第一章:魔王軍

第1話:魔王軍の仲間入り?!



「我らが魔王軍に所属しないか?」



 そう甲冑マンに言われて、理解するのに30秒はかかったかもしれない。


 マオウグン?ナニソレオイシイノ?なんて言ってる場合じゃなぁい!!!!!


「ま、魔王軍って…あの、人間と戦ってる系ですか?」


「おう、知ってるじゃないか。もとより魔王軍に新たな強き仲間を加えるためにこの召喚を行っていたのだからな」


 はにゃぁ……人間と戦ってるぅ……そんでもって召喚されてたぁ………


「こ、これって断ったりした場合…」


「ん?断るのか?」


「断りません!入らせていただきます!今日からよろしくお願いします!!!!!」


 あの圧には勝てるわけもなく晴れて(?)私は魔王軍の仲間入りとなった。






「今日からここがあなたの部屋よ。今日はとりあえず休んで明日改めて魔王様と挨拶ね」


「は、はい」


 私とコマはルンという青い肌の女性にある程度魔王城内を紹介された後、自室となる場所に案内された。


 ちなみにルンさんは私たちのことをずっと睨んでました。


 中はふかふかそうな天蓋付きベッドと広めの作業机にタンス。大きな出窓があるのがいい感じの大きな部屋だった。どれくらい広いかというと、例えるなら教室。教室よりも少し広いくらいだ。
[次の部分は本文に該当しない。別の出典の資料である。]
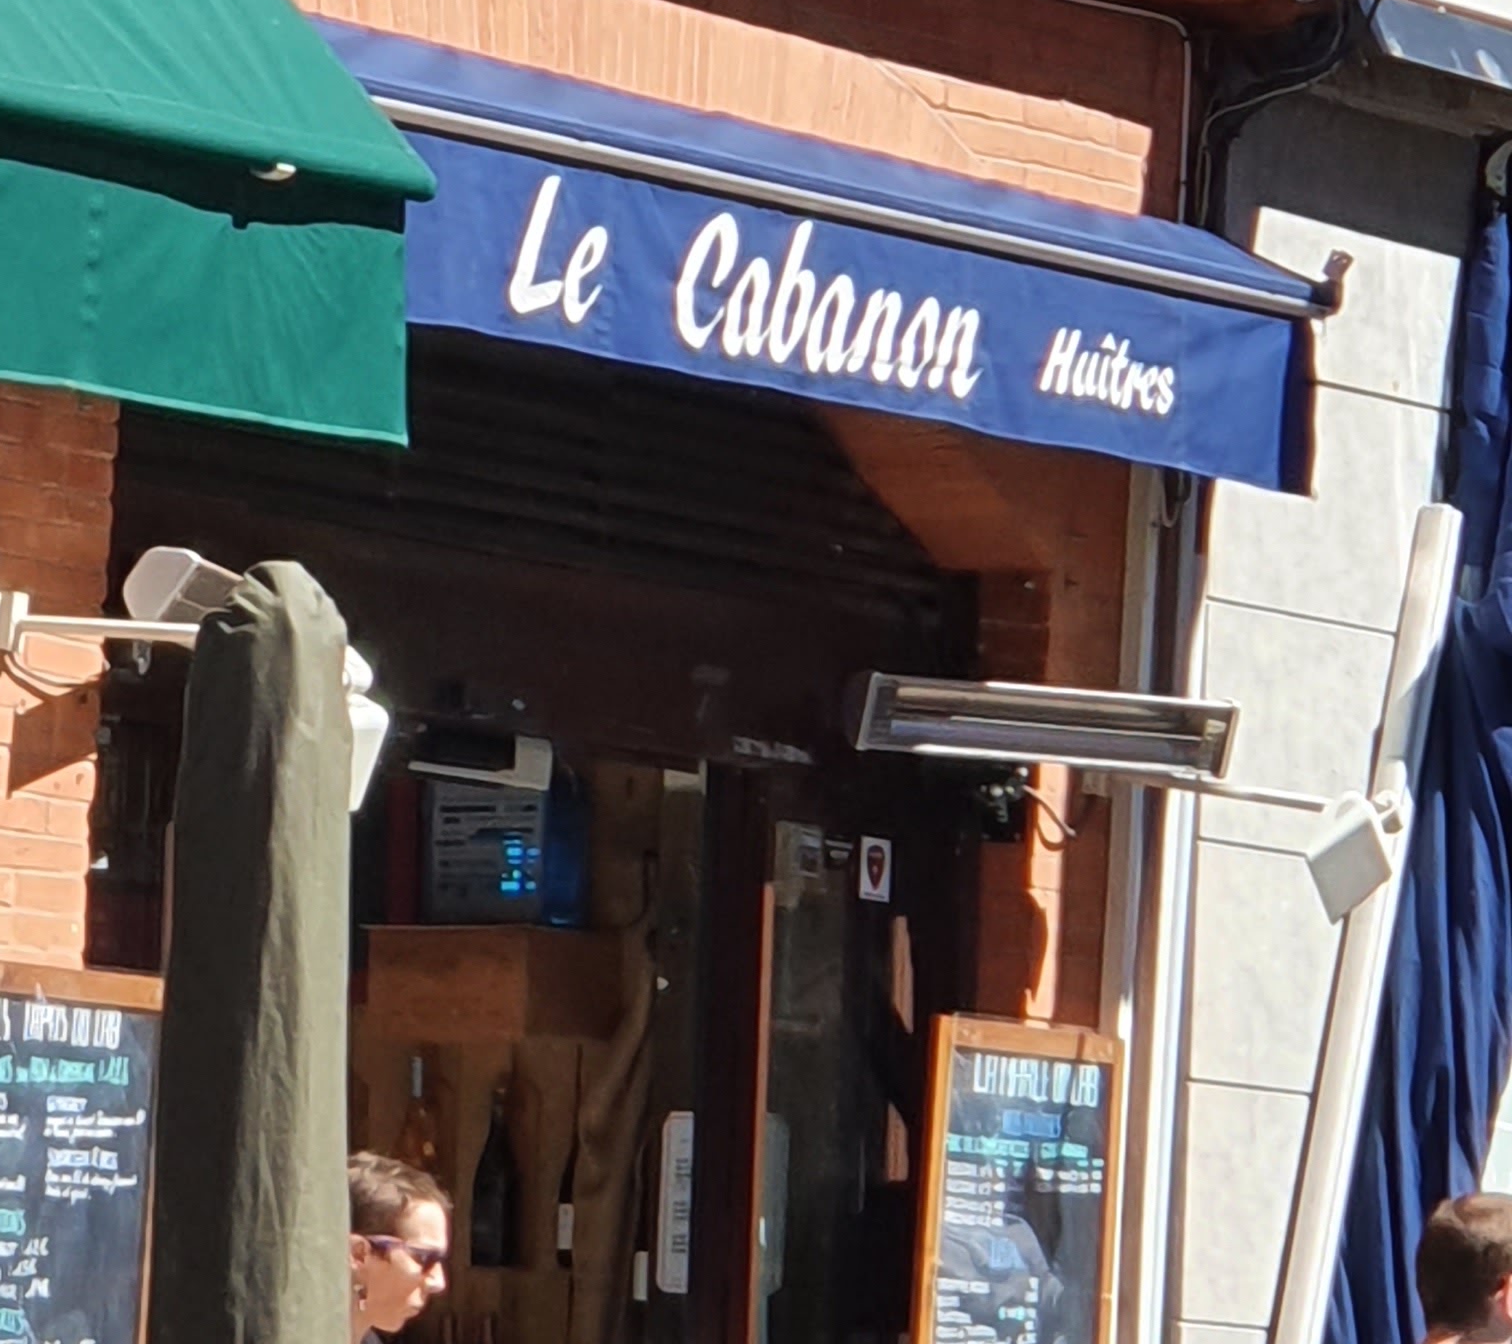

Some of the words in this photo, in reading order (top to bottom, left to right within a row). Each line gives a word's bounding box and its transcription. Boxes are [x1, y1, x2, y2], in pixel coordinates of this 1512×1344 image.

[508, 174, 609, 324] Le
[674, 211, 985, 399] Cabanon
[1039, 327, 1176, 416] Huîtres
 私はひとまずコマに水を飲ませつつ、これからどうしようかと頭を必死に働かせていた。


 考えてみるとこれが気まぐれな転移などではなく召喚であったことが唯一の救いだ。もし転移だったなら有無を言わさず殺されていた可能性がある。


 というか魔王軍ということは戦闘がよぎなくされるのでは?ていうかさっきのコマは強すぎないか?コマは元の世界ではブリーダーから買い取った普通の柴犬だった。もしかしてこの世界に来てチートが付与された?それならば私にもチートが付与されているのでは?
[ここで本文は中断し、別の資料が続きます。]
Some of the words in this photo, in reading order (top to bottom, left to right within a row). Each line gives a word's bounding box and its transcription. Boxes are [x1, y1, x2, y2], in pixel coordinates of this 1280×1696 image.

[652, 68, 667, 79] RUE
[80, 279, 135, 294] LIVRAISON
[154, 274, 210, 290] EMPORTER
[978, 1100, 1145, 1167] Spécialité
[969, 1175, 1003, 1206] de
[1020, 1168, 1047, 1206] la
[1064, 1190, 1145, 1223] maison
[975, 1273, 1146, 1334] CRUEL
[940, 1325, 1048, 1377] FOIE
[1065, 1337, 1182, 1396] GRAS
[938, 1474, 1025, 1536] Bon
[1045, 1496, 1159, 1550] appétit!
 定番だと『ステータスオープン』!とか?それとも『ステータス』?


「ごほん…あ、あーっ、あーっ………『ステータスオープン』!」


 …………何も起こりませんでした。


 『何やってん?』みたいに見てくるコマの目線がめちゃくちゃ刺さる。やめてよ!私に厨ニ心があったっていいじゃない!


「はぁ…コマはどうやってあんな炎を出したんだ?コマってもしかして最強?」


「わふっ」


 コマは褒められてることに気を良くしたのか、胸をはってドヤ顔をしている。そんな可愛い顔をもふもふに撫で尽くしながら『あぁ…今日もうちの犬は可愛い』と現実逃避する。


コンコンコンコン


 コマを愛でているとノックが聞こえた。


 慌てて返事をすると胸の大きな女性が入ってきた。腰のあたりからコウモリのような翼が生えており、空色のセミロングヘアと白のワンピースが清楚っぽい。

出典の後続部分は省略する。